Health-care cost management has become important because an increase in inflation has pushed the price of health care even higher. A lot of people were optimistic that the different programs and policies implemented by employers, insurers, and the government during the 1990s to manage the rising costs would help to cushion such increases for an indefinite period (Stanton 3).
Nonetheless, for the past few years, the increased cost of health care has become an issue of growing concern. Increased health care costs result in increased health insurance premiums. This has been necessitated by the increase in overall inflation, and this eats into the workers’ earnings. Consequently, those employers who provide their employees with health care coverage feel under pressure and can even contemplate dropping the coverage entirely or reduce the comprehensiveness of the coverage provided.
Individuals who have to cater to the health care coverage on their own also feel the pressure and some are likely to default, increasing the number of individuals without health care insurance (Stanton 6). Both the federal and state governments also feel the pressure of the rising health care costs because these health care programs that happen to be publicly funded have to compete for funding with other vital government spending priorities. Government and family budgets are also affected adversely by the rising health care costs. However, there are strategies in place that when implemented, they can help us to reduce health care cost:
- Employer contribution methods: employers should not dictate to their employees the kind of health care plan that they need to stick with. Instead, they should be given the option to choose their plan of choice. Regardless of the choice made by the employees, employers should be committed to making their contributions towards such plans.

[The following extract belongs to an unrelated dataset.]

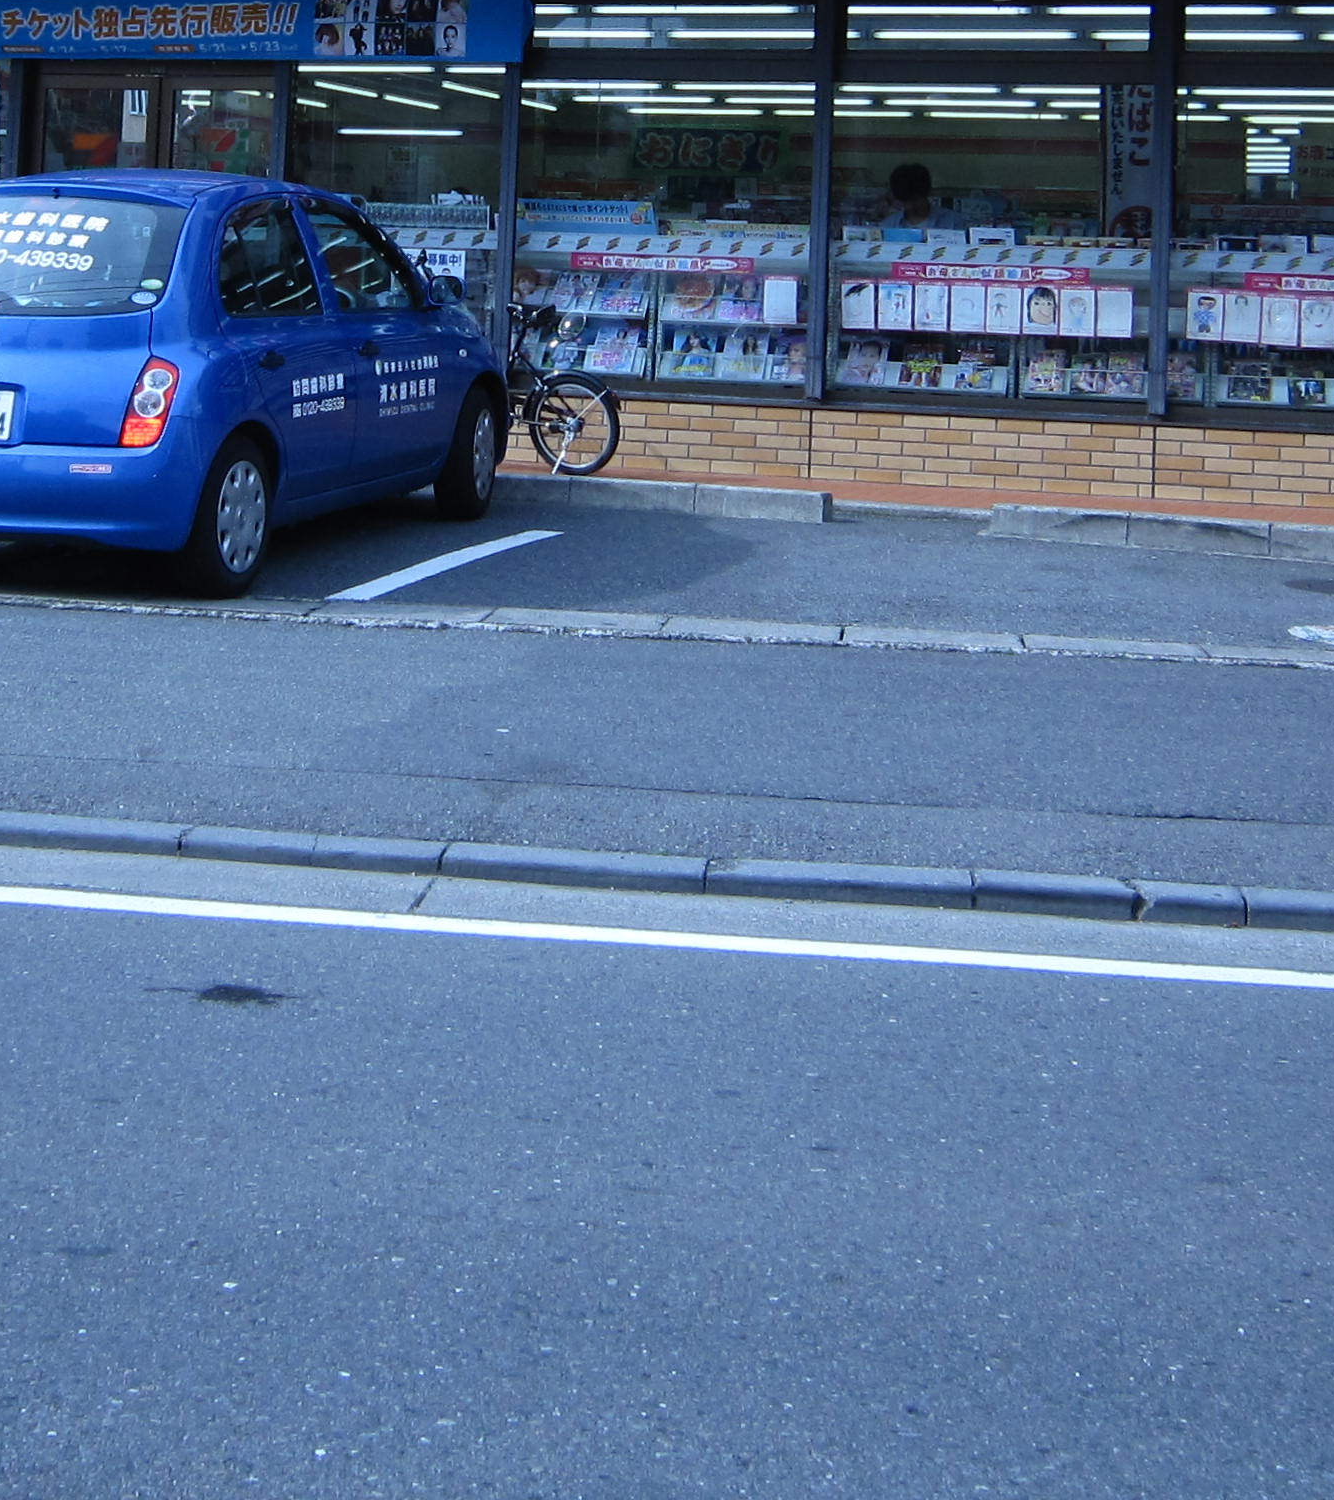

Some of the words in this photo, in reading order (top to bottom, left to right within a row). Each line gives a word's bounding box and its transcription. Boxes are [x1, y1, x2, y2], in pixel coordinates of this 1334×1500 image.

- HMOs and competition: in highly competitive markets HMOs are likely to result in reduced costs because they often substitute hospital visits with ambulatory care.
- Cost-sharing: higher copayments and deductibles end up saving money for third-party players and insurers but the sad reality is that the consumer’s out-of-pocket expenses increases. Individuals who have the lowest income end up bearing the heaviest burden, along with Medicare beneficiaries who lack Medicaid, and people with chronic health conditions. As such, the adoption of this strategy may be faced with mixed feelings.
- Hospital mergers: savings accruing from the merging of two hospitals can be less than the expectations. Nonetheless, when two hospitals merge, they are likely to charge less in comparison with a competing hospital operating as a standalone.
- Flexible spending accounts: participants of this scheme should be encouraged to spend money on medical services at the end of the year, otherwise, they risk losing this money once the year ends. Such money should ideally be exempted from taxation and this could act as an incentive to individuals to spend on health insurance because of the increased affordability.